General characteristics
- Class & type: motor schooner
- Tonnage: 72 tons
- Length: 80 ft (24 m)
- Beam: 21 ft (6.4 m)
- Height: 9 ft (2.7 m)
- Propulsion: 75 hp (56 kW) motor
- Crew: ten crewmen

= Fort Chesterfield (schooner) =

Fort Chesterfield, known as Umiajuatnak by the Inuit, was a Hudson's Bay Company motor schooner which distributed supplies arriving in Chesterfield Inlet to isolated communities along Hudson Bay, including Repulse Bay, Eskimo Point, Coral Harbour, Fullerton Harbour, Wager Bay, and the inland community of Baker Lake, during the 1920s. It established a transportation and communications network for the entire region.

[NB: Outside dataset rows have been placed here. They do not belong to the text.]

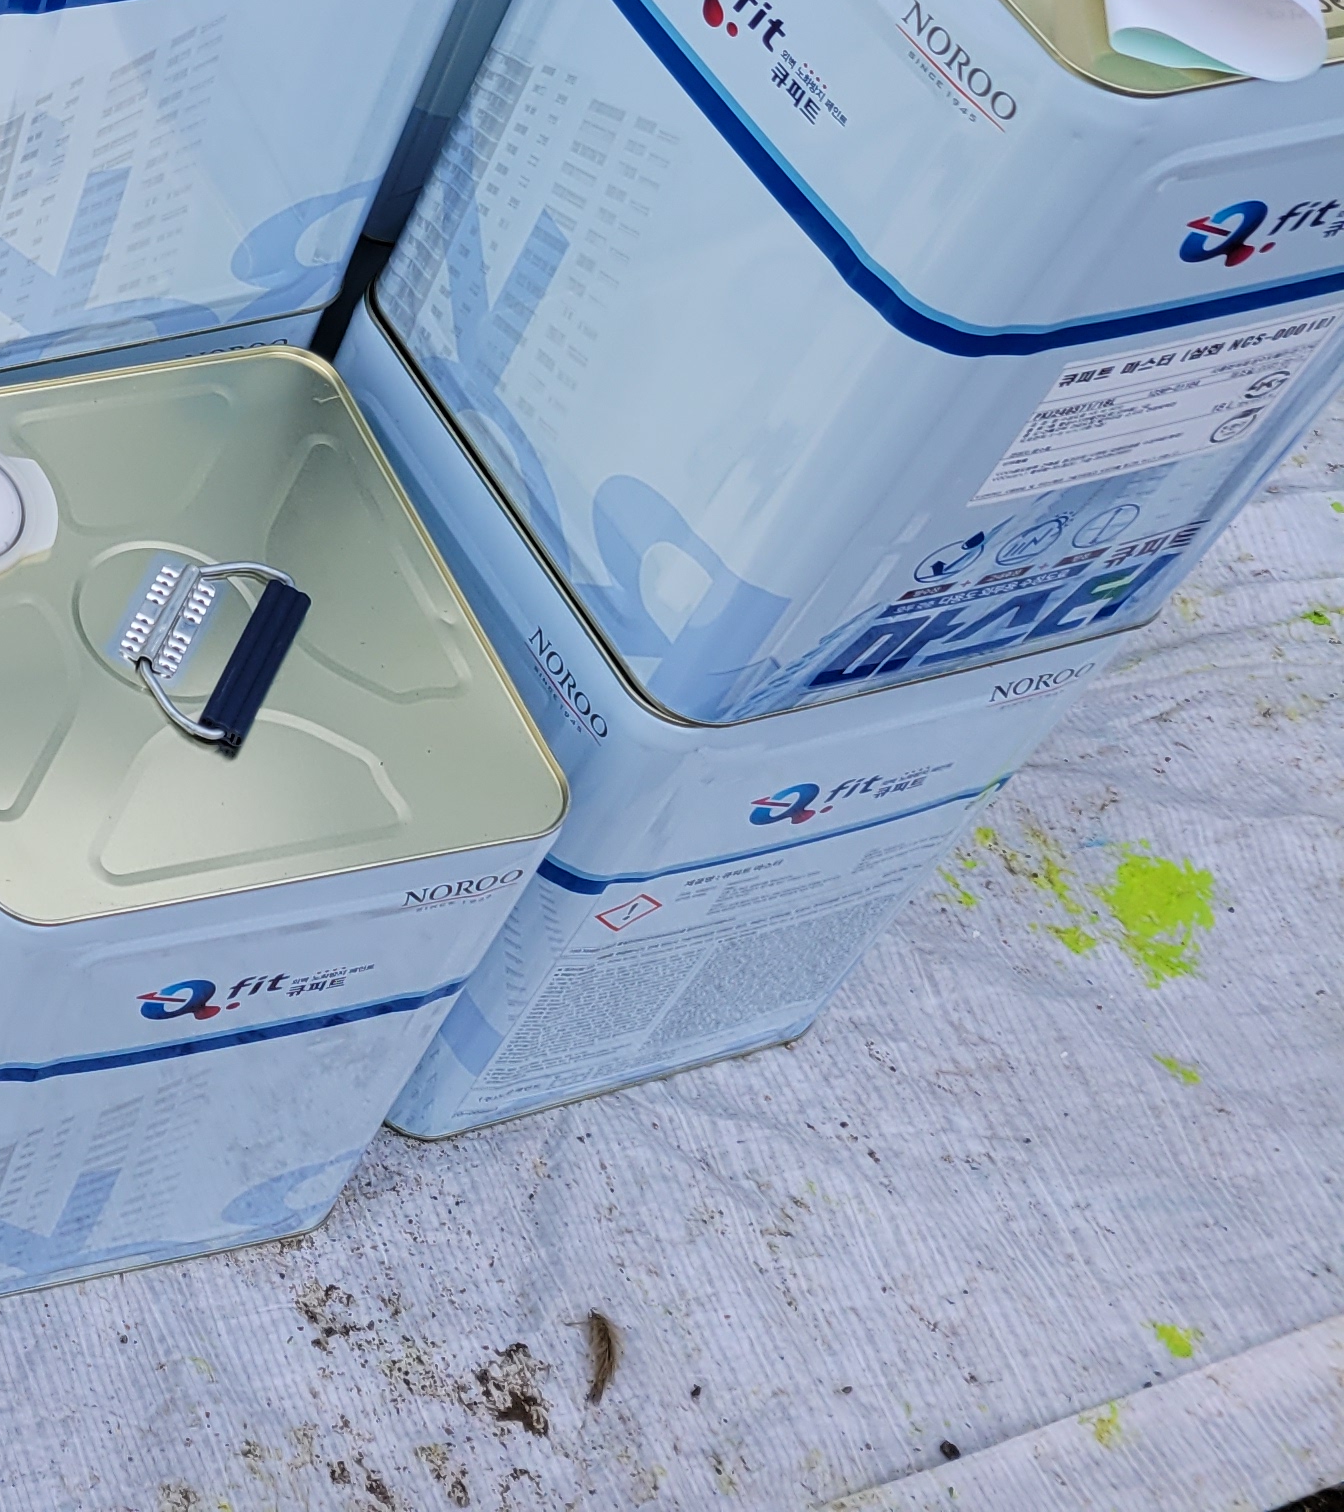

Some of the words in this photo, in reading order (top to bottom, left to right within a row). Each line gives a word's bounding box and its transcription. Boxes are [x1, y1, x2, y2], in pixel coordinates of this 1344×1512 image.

[901, 0, 1017, 121] NOROO
[769, 61, 822, 125] 큐피트
[907, 50, 944, 89] SINCE
[944, 90, 978, 123] 1945
[824, 96, 849, 128] 페인트
[1268, 199, 1337, 236] fit
[1059, 365, 1116, 388] 큐피트
[1119, 352, 1178, 375] 마스터
[1103, 523, 1210, 569] 큐피트
[807, 553, 1183, 688] 마스터
[528, 625, 609, 739] NOROO
[989, 662, 1096, 703] NOROO
[823, 774, 883, 803] fit
[402, 869, 524, 907] NOROO
[226, 972, 291, 1000] fit
[287, 976, 348, 998] 큐피트
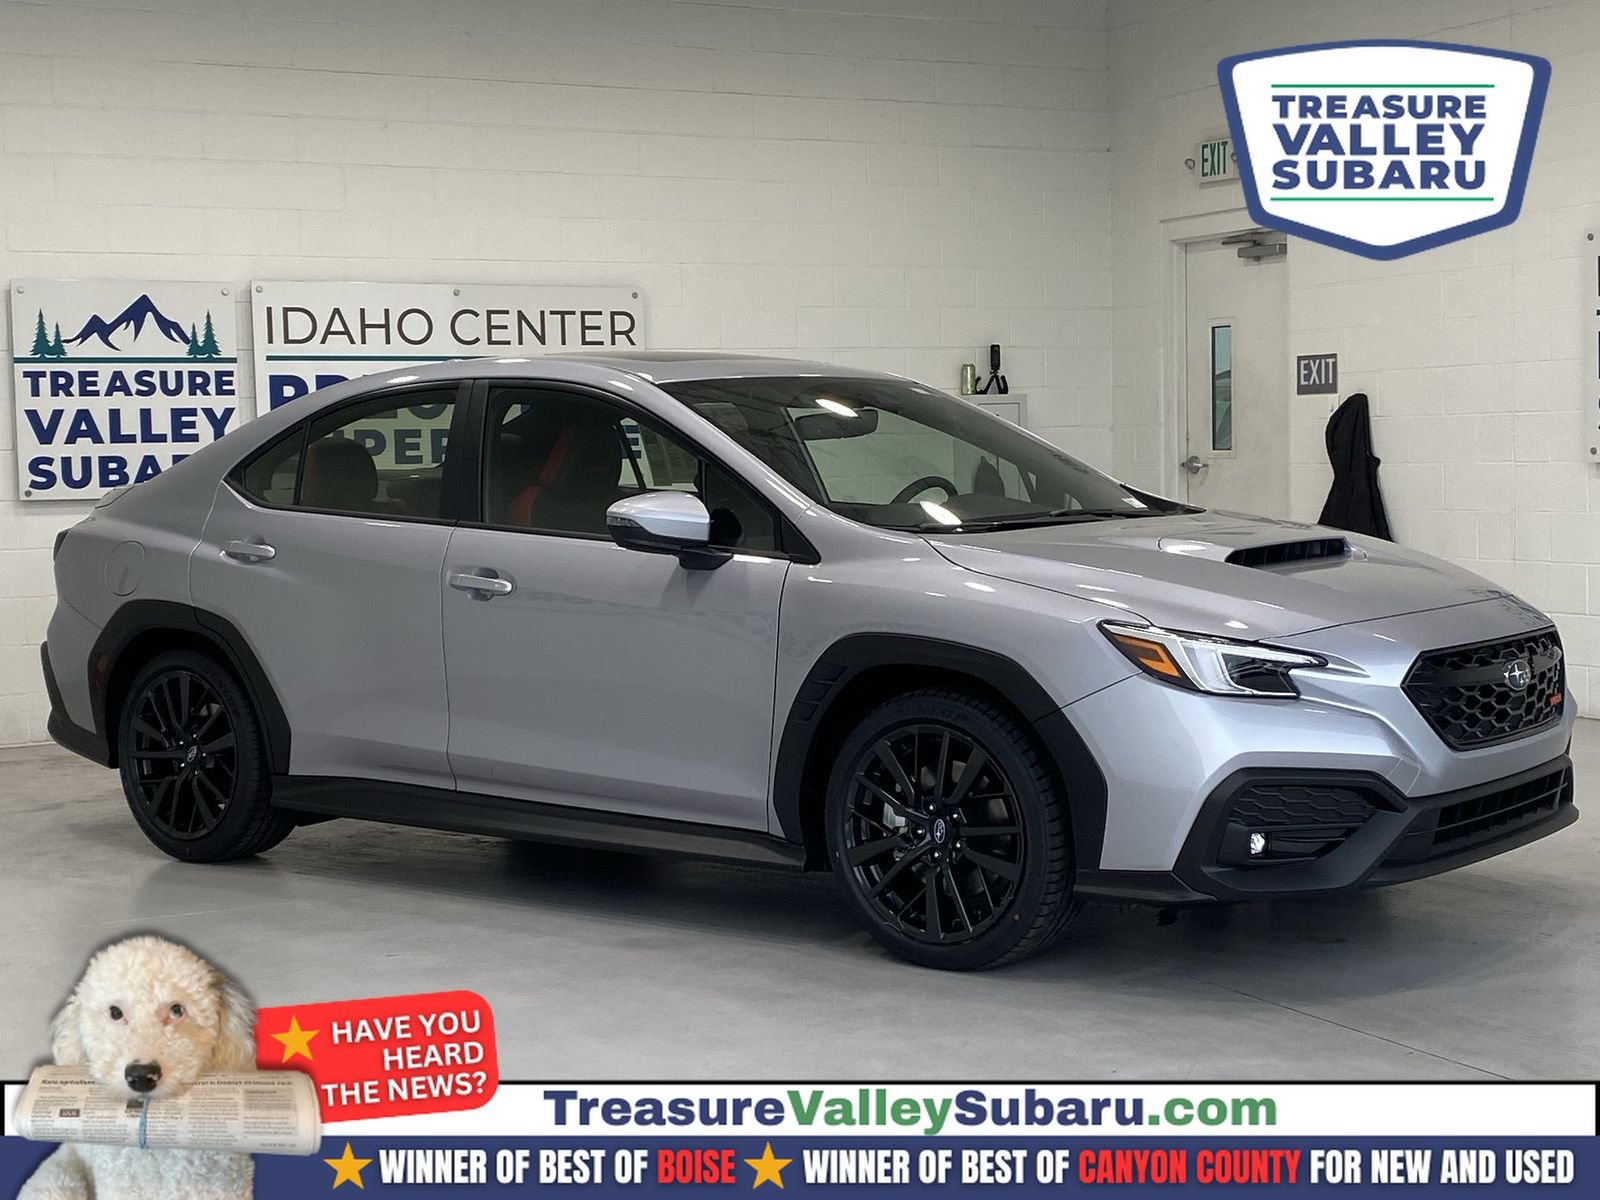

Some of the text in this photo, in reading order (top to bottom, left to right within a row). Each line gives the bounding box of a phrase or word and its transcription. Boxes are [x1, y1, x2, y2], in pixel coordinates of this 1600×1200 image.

[1201, 140, 1228, 178] EXIT
[265, 305, 637, 347] IDAHO CENTER
[22, 369, 236, 398] TREASURE
[1300, 358, 1336, 385] EXIT
[24, 407, 236, 445] VALLEY
[27, 454, 192, 490] SUBA

The two-masted, 72-ton, 80’x21’x9’ vessel was built in 1920, by B. Burry, in Glovertown, Newfoundland, and was sold in St. John's, to the Hudson's Bay Company in the first half of 1921.

Originally named the L. Burry, it was renamed Fort Chesterfield by July 1921. Capt. Jean Berthe, an HBC employee, formerly of the Nelson River district, oversaw the overhauling of the vessel for ice conditions and the installation of a 75 hp motor, and accompanied it to Chesterfield Inlet in August 1921.

By June 1924, Capt. George Cleveland of the HBC had assumed command of Fort Chesterfield.
Capt. Berthe evidently left the HBC to join the rival trading company, Revillon Frères.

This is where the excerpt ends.